Rapid Eye Movement sleep is commonly known as REM sleep or REMS. REM can be described as a rather unique phase of mammalian sleep: it’s characterised by:
This sleep phase is also known as Paradoxical Sleep, or Desynchronised Sleep, due to the physiological similarities to a person’s waking states; which includes low-voltage, rapid, desynchronized brainwaves. It’s believed that the chemical and electrical activity that regulate this sleep phase originate in the brainstem, and this is most notably characterised by a combination of an abundance of acetylcholine (a neurotransmitter), and the almost complete absence of serotonin, histamine, and norepinephrine (monoamine neurotransmitters).
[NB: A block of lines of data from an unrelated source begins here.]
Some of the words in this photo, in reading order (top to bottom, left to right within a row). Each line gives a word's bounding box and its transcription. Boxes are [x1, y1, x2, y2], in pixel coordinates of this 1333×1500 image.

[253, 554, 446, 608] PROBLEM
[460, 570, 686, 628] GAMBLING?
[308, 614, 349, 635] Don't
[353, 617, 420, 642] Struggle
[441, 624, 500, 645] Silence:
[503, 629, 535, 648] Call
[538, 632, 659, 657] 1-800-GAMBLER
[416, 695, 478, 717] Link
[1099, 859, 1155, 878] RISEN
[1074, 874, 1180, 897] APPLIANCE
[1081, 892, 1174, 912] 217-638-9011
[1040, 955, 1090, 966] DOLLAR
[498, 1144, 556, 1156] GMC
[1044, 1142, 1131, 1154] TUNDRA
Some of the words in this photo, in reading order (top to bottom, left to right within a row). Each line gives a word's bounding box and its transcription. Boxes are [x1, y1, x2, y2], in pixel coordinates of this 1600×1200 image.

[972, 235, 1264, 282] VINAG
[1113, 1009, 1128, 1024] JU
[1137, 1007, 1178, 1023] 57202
The punctuated REM sleep is immediately preceded by ponto-geniculo-occipital (PGO) waves, which are electrical bursts of activity originating from the brainstem. Approximately every six seconds during the transition from deep to paradoxical sleep, these waves occur in clusters and last for between one and two minutes. It’s when they move into the visual cortex that they exhibit their highest amplitude, thus causing the rapid eye movements in paradoxical sleep.
In REM sleep, brain energy as measured by glucose and oxygen metabolism, equals or exceeds energy-use in waking. When compared to slow-wave sleep, both paradoxical and waking sleep involve higher use of acetylcholine (the neurotransmitter) which may well explain the faster brainwaves. Monoamine neurotransmitters serotonin, histamine, and norepinephrine are completely unavailable.
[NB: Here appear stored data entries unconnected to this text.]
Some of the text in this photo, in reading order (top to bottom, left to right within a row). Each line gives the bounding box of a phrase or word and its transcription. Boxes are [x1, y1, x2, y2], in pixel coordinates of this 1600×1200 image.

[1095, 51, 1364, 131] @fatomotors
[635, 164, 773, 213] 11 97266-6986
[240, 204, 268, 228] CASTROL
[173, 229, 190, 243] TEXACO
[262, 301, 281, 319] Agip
It’s been discovered that injections of acetylcholinesterase inhibitor can induce paradoxical sleep in both humans and other animals already experiencing slow-wave sleep. This inhibitor effectively increases available acetylcholine. Carbachol has a similar influence, mimicking the effect of acetylcholine on neurons. The same injections in waking humans produce paradoxical sleep, but only when the monamine neurotransmitters are already depleted.
Gamma-Aminobutyric Acid (GABA) and Orexin are two other neurotransmitters that appear to promote wakefulness, decrease during deep sleep, and prevent paradoxical sleep. The brain’s chemical changes indicate continuing periodic oscillation, unlike the sudden changes in electrical patterns.
During REM sleep, neural activity appears to originate in the brainstem, especially in the locus coeruleus and the pontine tegmentum.
As per the activation synthesis theory suggested by Allan Hobson and Robert McCarley in 1975-1977, controlling REM sleep involves REM-on and REM-off neuron pathways in the brainstem. REM-on neurons are mainly cholinergic, meaning that they involve acetylcholine; while REM-off neurons activate noradrenaline and serotonin, which, among other functions overpower the REM-on neurons. It was suggested by Hobson and McCarley that the REM-on neurons stimulate the REM-off neurons, thus becoming the mechanism for the cycling that occurs between REM and non-REM sleep. Lotka-Volterra equations were used to explain this cyclical inverse relationship.
In 1981, Michael Jouvet and Kayuza Sakai proposed a similar model. It appears that during both wakefulness and REM, acetylcholine manifests in the cortex equally; but during REM it appears in higher concentrations in the brain stem.
Withdrawing GABA and Orexin may explain the absence of the other excitatory neurotransmitters. Positron emission tomography was used in research in the 1990s and confirmed the role of the brain stem. This research also suggested that the paralimbic and limbic systems within the forebrain, which are generally connected with emotion, showed greater activation than other areas.
Summary: REM sleep, or Rapid Eye Movement Sleep is one of the stages of sleep. It is the stage of sleep most associated with dreaming. During REM sleep the brain and body act very different than they do during other stages of sleep. During this stage of sleep the skeletal muscles act as if they are paralyzed. In fact all voluntary muscles, except for eye muscles are atonic, or without movement. This probably had some evolutionary benefit as it protected us and others from injury, as we would otherwise act out our dreams.
See Stages of Sleep
During REM sleep, the brain is more active than during other stages of sleep. The EEG, or electroencephalogram, resembles wake time. Of course, the eyes show a distinct pattern on the sleep study which demonstrates quick eye movements, hence the name. The skeletal muscles sometime show brief twitches which may be in phase with the eye movements.
What are dreams? Why do we dream? This is not easily answered. There are several theories about the significance of dream. One belief is that dreams are the brains way of processing and storing pieces of information relevant to previous events.